Do we need new grape varieties?

By Jamie Goode | 25th May 2023

When does a plant stop being the same plant, and becomes another plant? This sounds like a daft question, but in the philosophy of science, botany has had a lot of trouble defining an ‘individual’ when it comes to plants. And this applies to grapevines. It might seem obvious what a single vine is, but if all the vines in a vineyard are the same variety, then on one level they are actually the same plant.

Do we need new grape varieties?

The remarkable thing about grape vines is that each vine of the same variety all came from one seed. For example, all the Pinot Noir vines in the world are derived from just one incident of vine sex, and a seed from this crossing that was planted and gave rise to this most noble of grape varieties a very long time ago. In fact, the story is made more intriguing by that fact that Pinot Noir is technically the same variety as Pinots Blanc, Gris and Meunier. Blanc and Gris are colour mutations of Pinot Noir and Meunier is a chimeric mutation with one of its cell layers altered. So they are more correctly referred to as clones rather than separate varieties, and all of these came from that original seed. The point is, all these vines grown worldwide are technically the same plant, according to one way of thinking. The original plant was reproduced by taking cuttings, and this has carried on over perhaps a thousand years.  

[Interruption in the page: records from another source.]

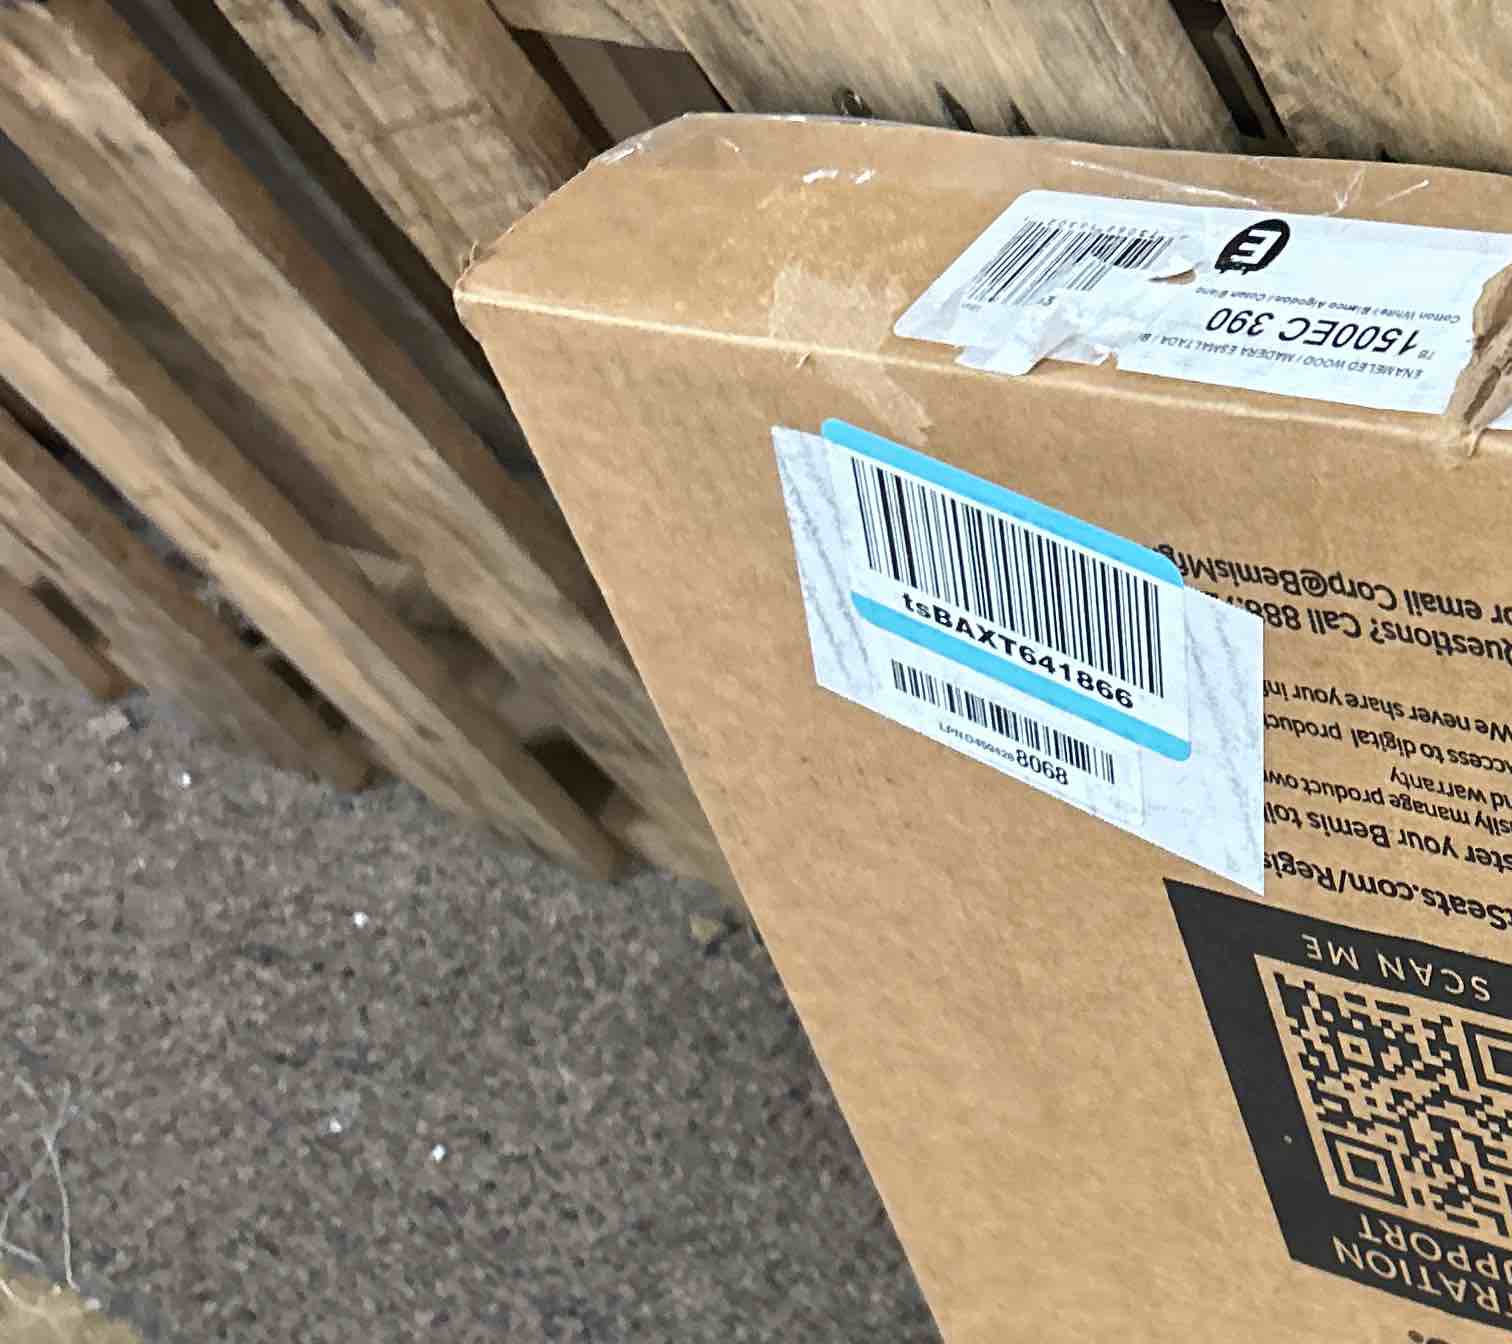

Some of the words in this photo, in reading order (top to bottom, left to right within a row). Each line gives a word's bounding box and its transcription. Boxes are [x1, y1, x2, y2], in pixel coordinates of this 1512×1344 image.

[1205, 308, 1274, 336] 390
[1379, 308, 1416, 321] White
[1419, 311, 1461, 324] Cotton
[1161, 335, 1238, 354] ESMALTADA
[1278, 317, 1420, 356] 1500EC
[1240, 347, 1296, 363] MADERA
[1303, 355, 1346, 370] WOOD
[1348, 362, 1424, 379] ENAMELED
[1403, 589, 1482, 623] email
[1307, 607, 1361, 639] Call
[902, 592, 1134, 708] tsBAXT641866
[1292, 684, 1343, 706] your
[1344, 693, 1405, 721] share
[1408, 706, 1471, 732] never
[1351, 729, 1417, 759] digital
[1420, 743, 1445, 765] to
[1300, 777, 1385, 806] product
[1390, 766, 1487, 804] warranty
[1389, 793, 1471, 826] manage
[1306, 811, 1391, 849] Bemis
[1397, 829, 1459, 861] your
[1301, 934, 1359, 970] ME
[1376, 952, 1491, 1002] SCAN

I encountered this in my own experience. A couple of decades ago I grew grapevines on an allotment as a hobby. Through a friend of a friend, I managed to get a cutting from the famous Great Vine at Hampton Court, which is officially the largest vine in the world. It’s Vitis vinifera Schiava Grossa (also known as Black Hamburg) and was planted by Lancelot 'Capability' Brown in 1768. Technically, the vine I grew was exactly the same vine that was growing in Hampton Court, even though it was growing five miles away from the parent plant.

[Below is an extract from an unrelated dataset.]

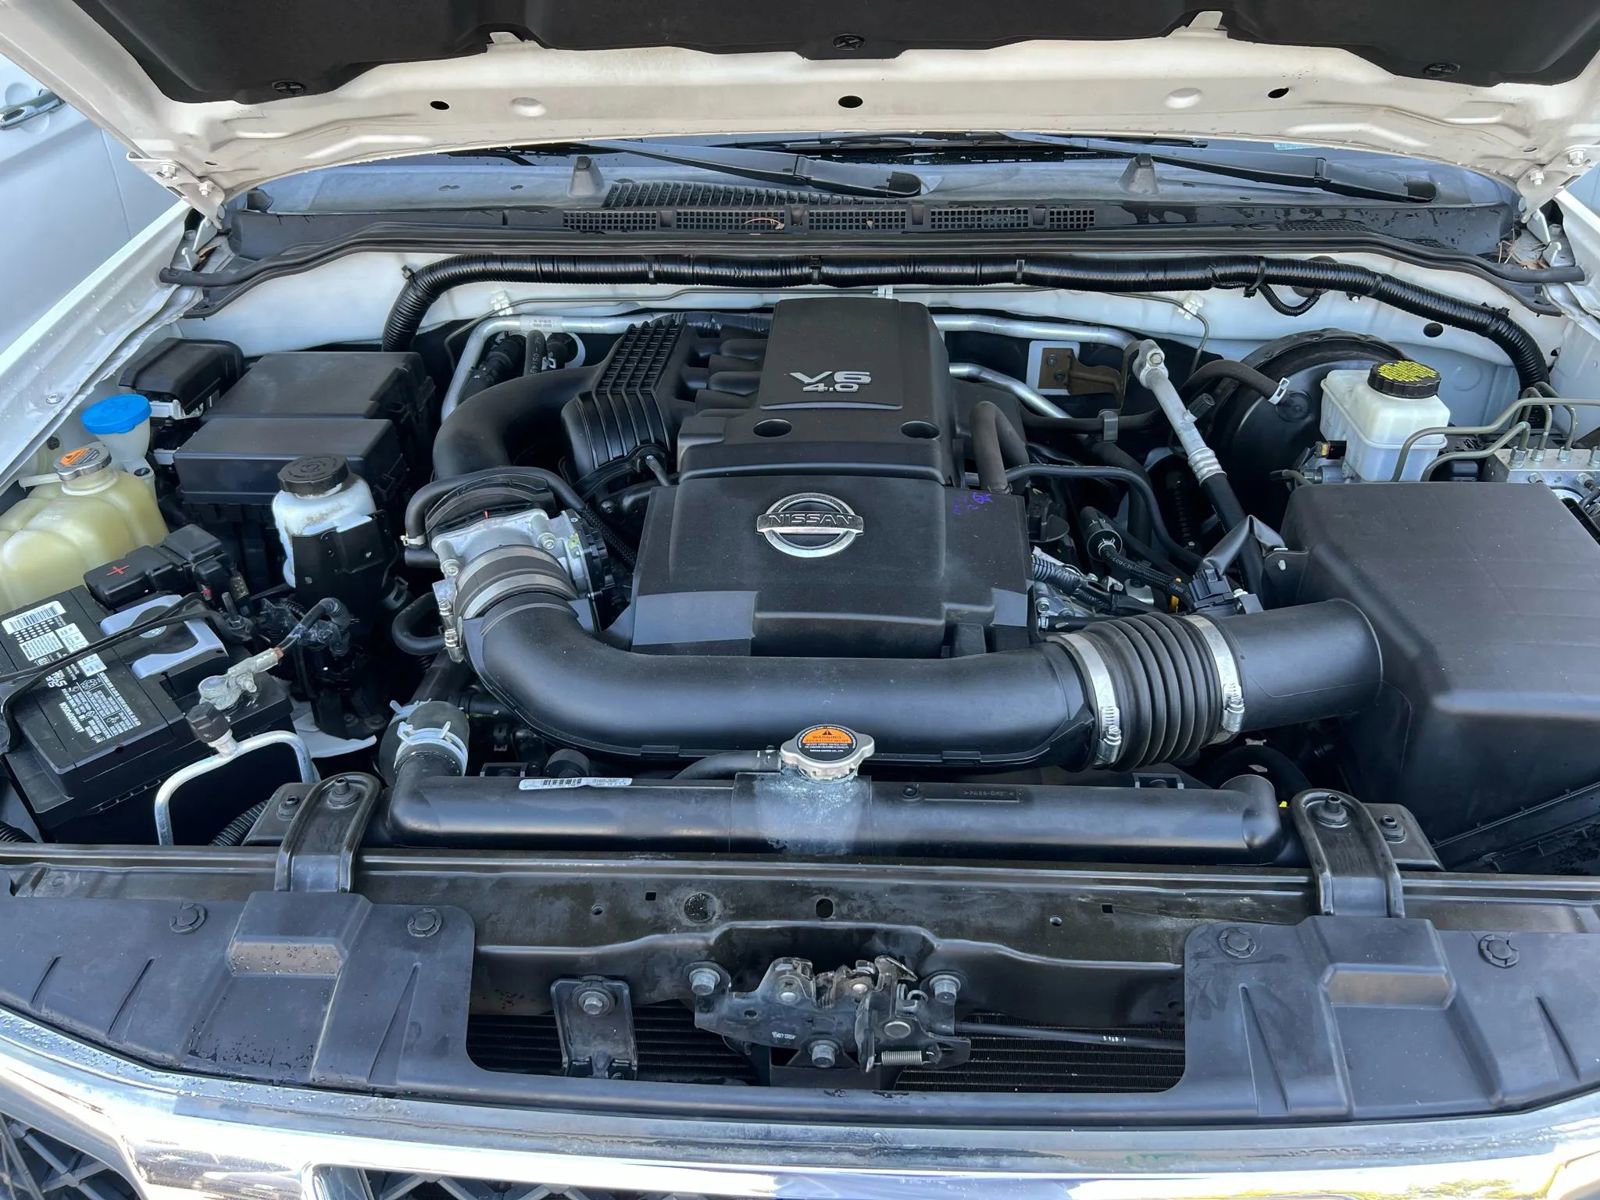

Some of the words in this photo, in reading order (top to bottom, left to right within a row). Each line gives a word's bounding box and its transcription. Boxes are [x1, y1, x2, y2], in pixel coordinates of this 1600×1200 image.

[789, 371, 872, 385] V6
[802, 383, 860, 393] 4.0
[768, 513, 853, 526] NISSAN

It’s worth emphasizing here that each time a vine has sex a new variety is produced. Even the same seeds in a berry will each give rise to different varieties. If you cross Pinot Noir with itself, you don’t get Pinot Noir, but new varieties, because the vine doesn’t breed true. And taking Chenin Blanc as an example, its parents are Savagnin and Sauvignonasse, but if you crossed them again, you wouldn’t get Chenin Blanc.

This all creates problems when it comes to breeding new varieties, and the issue is that we almost always make our wine selection based on grape variety. We want a Chenin Blanc, a Chardonnay, a Sauvignon Blanc, a Cabernet Sauvignon, a Shiraz or a Pinotage. Because of this, breeding efforts are thwarted by market acceptance. There’s a growing awareness that reliance on just a few famous varieties is risky and probably not very smart. It means that any pests or diseases have a real advantage because their target is a static one: there is very little genetic diversity across a wine region. The reason that almost all organisms have sex, which is complicated and costly, is to create variation. This variation is needed to make life difficult for pest and disease organisms, and keep ahead in the evolutionary arms race of disease and resistance. And the fame of some varieties has led them to be planted in places where they aren’t best suited, with an attendant environmental cost in farming them. For example, if Merlot is planted in a Mediterranean climate, it needs a lot of water to keep it alive. The same applies to Sauvignon Blanc.

But one of the big problems of viticulture is that the species of vine that all the varieties we know and love comes from, Vitis vinifera, lacks resistance to two diseases that originated in the USA and then spread the world in the 19th century, downy and powdery mildew. This means that vineyards have to be sprayed. Downy mildew is a disease that’s associated with growing season rainfall, and so is much more of a problem in cooler regions. In California, for example, it doesn’t really exist. But powdery mildew is a problem everywhere grapes are grown, and doesn’t need damp conditions to thrive. Because of these diseases regular spraying of vines with chemicals is needed. Traditional chemicals such as elemental sulfur (useful against powdery mildew) and copper-containing mixes like Bordeaux mixture (effective against downy mildew) are the ones permitted by organics. But newer fungicides exist that are used in conventional and sustainable viticulture. It’s not just the need for regular spraying that’s a problem; it’s also the carbon footprint of all the tractor passes, and then the compaction of the soil that this traffic through the vineyard causes.